Last revised by Amanda Er on 19 Aug 2023

Time of flight angiography (TOF) is an MRI technique to visualize flow within vessels, without the need to administer contrast. It is based on the phenomenon of flow-related signal hyperintensity of spins entering into an imaging slice. As a result of being unsaturated, these spins give more signal than surrounding stationary spins. 

With 2-D TOF, multiple thin imaging slices are acquired with a flow-compensated gradient-echo sequence. These images can be combined by using a technique of reconstruction such as maximum intensity projection (MIP), to obtain a 3-D image of the vessels analogous to conventional angiography.

With 3-D TOF, a volume of images is obtained simultaneously by phase-encoding in the slice-select direction.
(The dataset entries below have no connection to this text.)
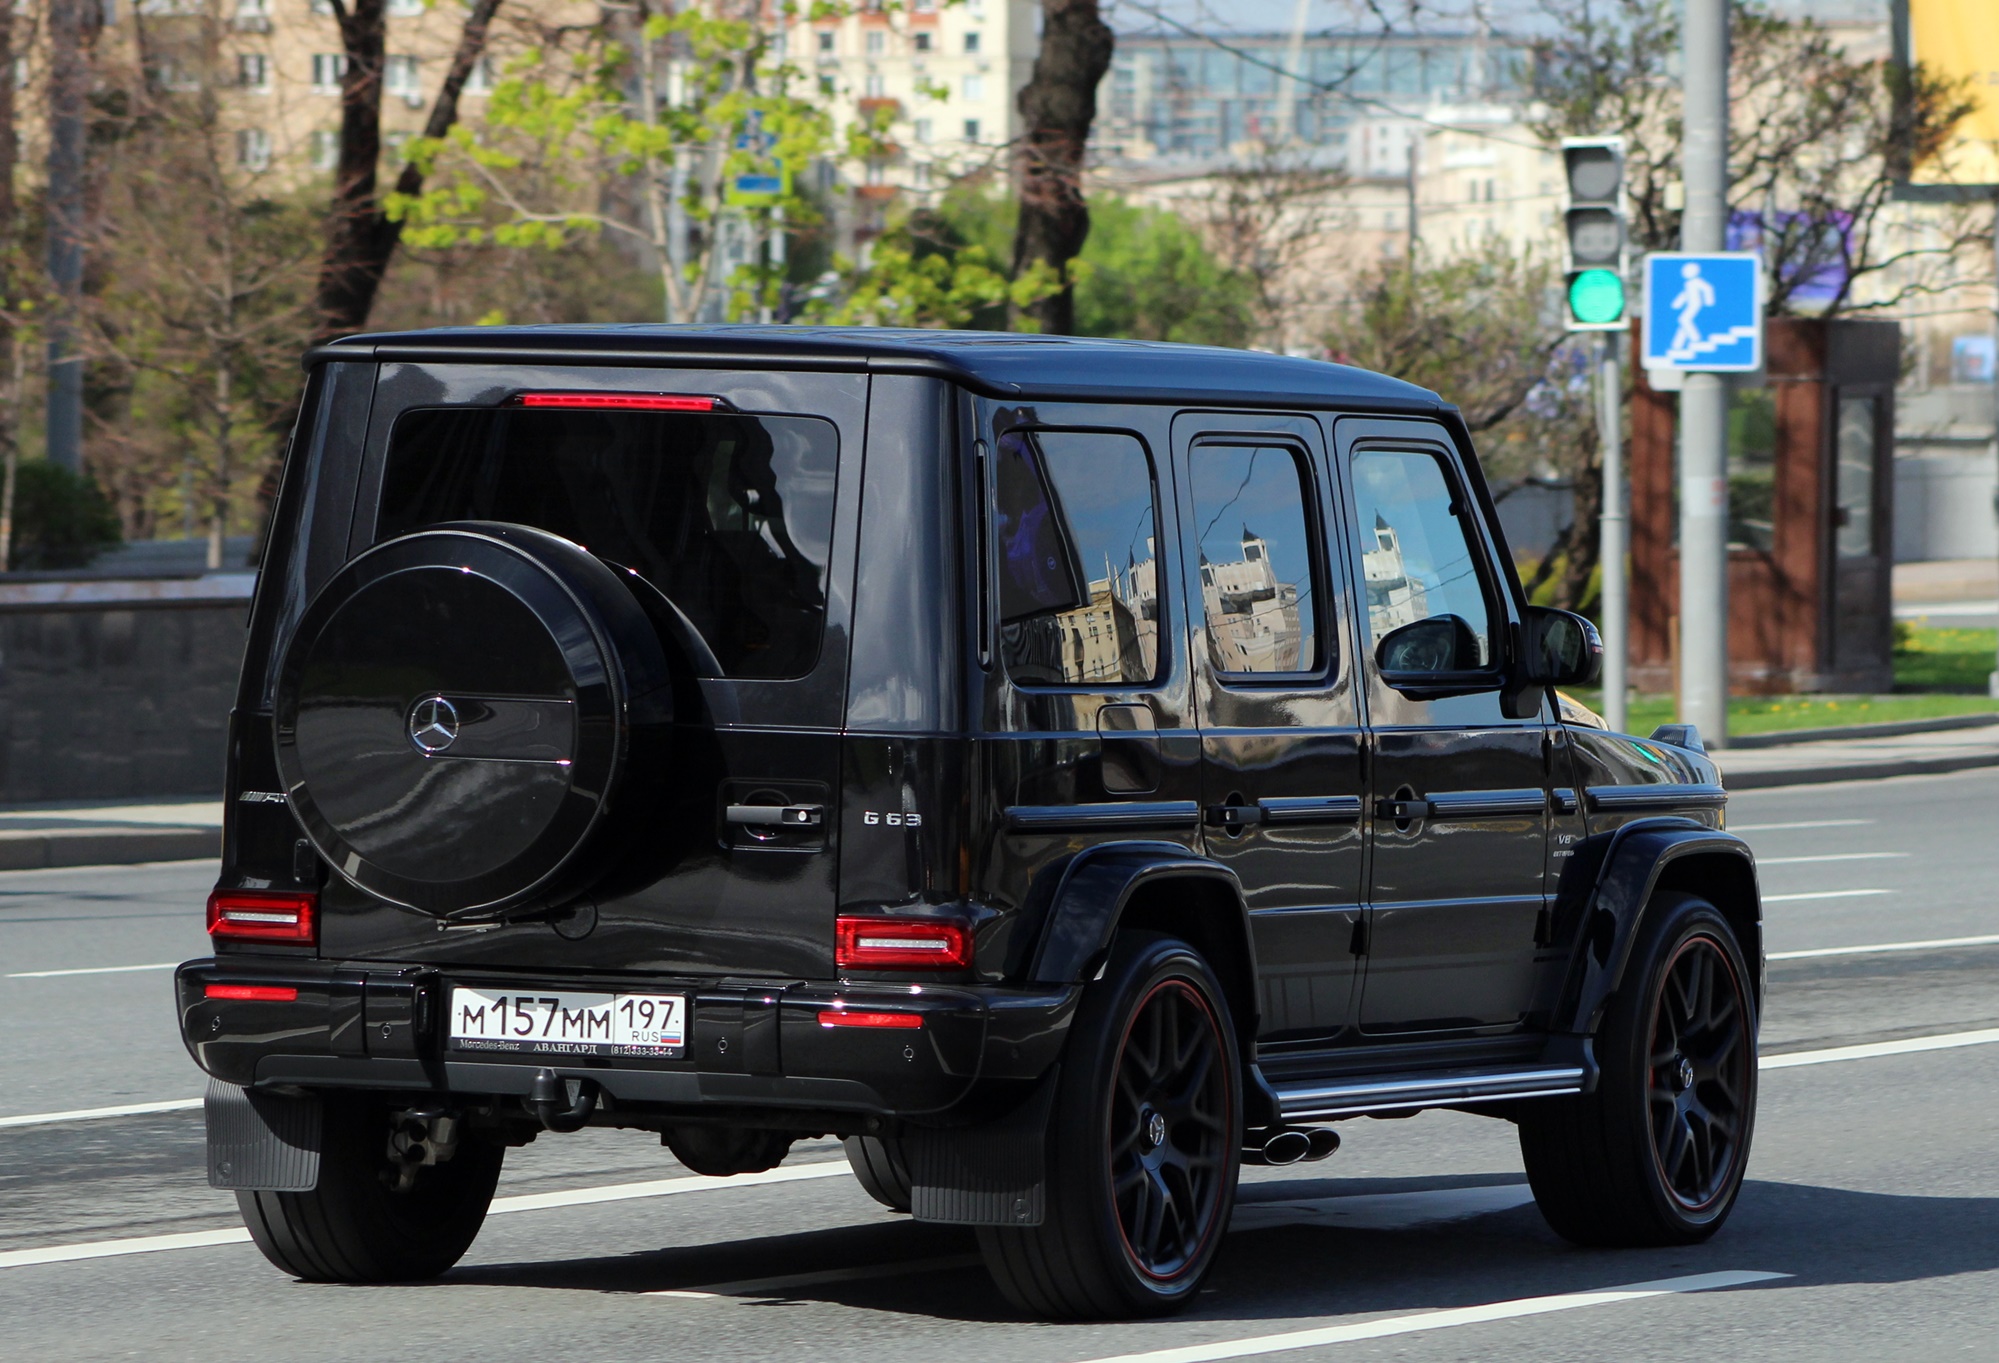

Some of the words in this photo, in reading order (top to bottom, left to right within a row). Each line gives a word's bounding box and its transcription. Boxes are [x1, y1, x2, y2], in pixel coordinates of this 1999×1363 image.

[863, 811, 879, 825] G
[886, 812, 922, 827] 63
[1558, 834, 1571, 844] V8
[620, 999, 674, 1030] 197
[632, 1030, 659, 1042] RUS
[460, 1039, 520, 1051] Mercedes-Benz
[533, 1043, 598, 1054] АВАНГАРД
An angiographic appearance can be generated using MIP, as is done with 2-D TOF. 

Key points

  • short TR

  • image-plane kept perpendicular to flow direction

Potential pitfalls

  • slow flow or flow from a vessel parallel to the scan plane may become saturated just like stationary tissue, resulting in a signal loss from the vessel 4

  • turbulent flow may undergo spin-dephasing and unexpectedly short T2 relaxation: again resulting in a signal loss from the vessel

  • acquisition times are relatively long (more than 5 minutes) 3.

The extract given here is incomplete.